Of course, even though transparency improves the probability of catching errors and improving on our designs, it doesn’t automatically produce those goods. What’s more, we can know that we’re doing the right thing and still dread the public discovery of an error. Add to that risk the near-certainty of other researchers scoffing at your terrible code, and it’s easy see why even the best practices won’t keep you from breaking out in a cold sweat each time you hit “Send” or “Publish” on a new piece of work.

 

Waiting for Data-dot

A suburban house. A desk cluttered with papers, headphones, stray cables, and a pair of socks. Dawn.

Jay, sitting at the desk, opens a browser tab and clicks on a favorited site to see if a data set he needs to produce forecasts has been updated yet. It has not. He pauses, slurps coffee from a large mug, and tries another site. As before.

JAY: (giving up again). Nothing to be done.

 

[Apologies to Samuel Beckett.]

 

 

A Bit More on Country-Month Modeling

My family is riding the flu carousel right now, and my turn came this week. So, in lieu of trying to write from scratch, I wanted to pick up where my last post—on moving from country-year to country-month modeling—left off.

As many of you know, this notion is hardly new. For at least the past decade, many political scientists who use statistical tools to study violent conflict have been advocating and sometimes implementing research designs that shrink their units of observation on various dimensions, including time. The Journal of Conflict Resolution published a special issue on “disaggregating civil war” in 2009. At the time, that publication felt (to me) more like the cresting of a wave of new work than the start of one, and it was motivated, in part, by frustration over all the questions that a preceding wave of country-year civil-war modeling had inevitably left unanswered. Over the past several years, Mike Ward and his WardLab collaborators at Duke have been using ICEWS and other higher-resolution data sets to develop predictive models of various kinds of political instability at the country-month level. Their work has used designs that deal thoughtfully with the many challenges this approach entails, including spatial and temporal interdependence and the rarity of the events of interest.

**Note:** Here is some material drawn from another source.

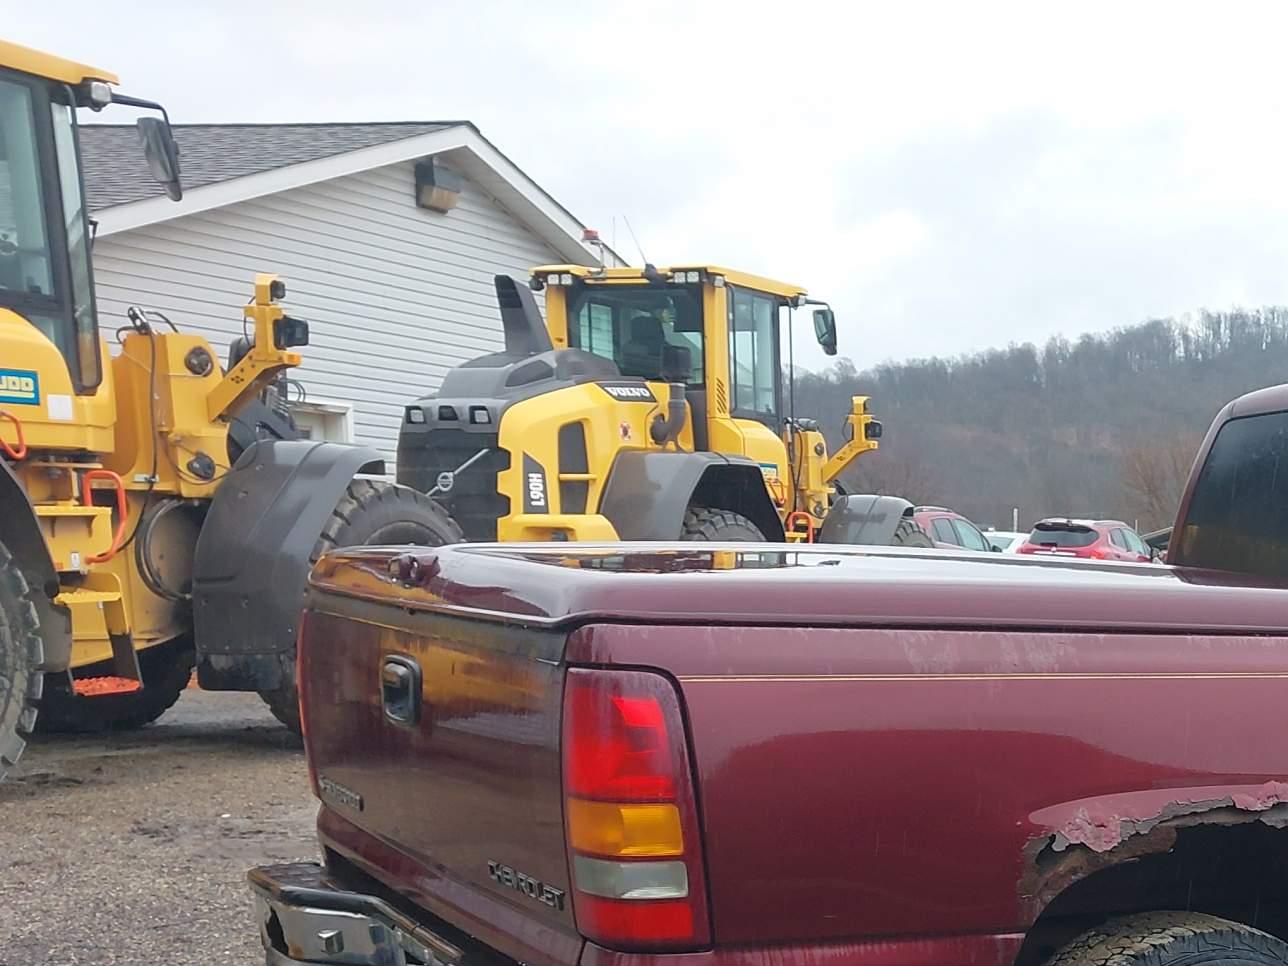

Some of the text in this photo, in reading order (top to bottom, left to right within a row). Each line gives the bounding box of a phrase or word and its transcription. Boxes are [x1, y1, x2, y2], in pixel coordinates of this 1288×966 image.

[604, 386, 651, 398] VOLVO
[528, 473, 545, 507] L90H
[487, 858, 565, 911] CHEVROLET

So have others.

Meanwhile, sociologists who study protests and social movements have been pushing in this direction even longer. Scholars trying to use statistical methods to help understand the dynamic interplay between mobilization, activism, repression, and change recognized that those processes can take important turns in weeks, days, or even hours. So, researchers in that field started trying to build event data sets that recorded as exactly as possible when and where various actions occurred, and they often use event history models and other methods that “take time seriously” to analyze the results. (One of them sat on my dissertation committee and had a big influence on my work at the time.)

As far as I can tell, there are two main reasons that all research in these fields hasn’t stampeded in the direction of disaggregation, and one of them is a doozy. The first and lesser one is computing power. It’s no simple thing to estimate models of mutually causal processes occurring across many heterogeneous units observed at high frequency. We still aren’t great at it, but accelerating improvements in computational processing, storage, software—and co-evolving improvements in statistical methods—have made it more tractable than it was even five or 10 years ago.

The second, more important, and more persistent impediment to disaggregated analysis is data, or the lack thereof. Data sets used by statistically minded political scientists come in two basic flavors: global, and case– or region-specific. Almost all of the global data sets of which I’m aware have always used, and continue to use, country-years as their units of observation.

That’s partly a function of the research questions they were built to help answer, but it’s also a function of cost. Data sets were (and mostly still are) encoded by hand by people sifting through or poring over relevant documents. All that labor takes a lot of time and therefore costs a lot of money. One can make (or ask RAs to make) a reasonably reliable summary judgment about something like whether or not a civil war was occurring in a particular country during particular year much quicker than one can do that for each month of that year, or each district in that country, or both. This difficulty hasn’t stopped everyone from trying, but the exceptions have been few and often case-specific. In a better world, we could have patched together those case-specific sets to make a larger whole, but they often use idiosyncratic definitions and face different informational constraints, making cross-case comparison difficult.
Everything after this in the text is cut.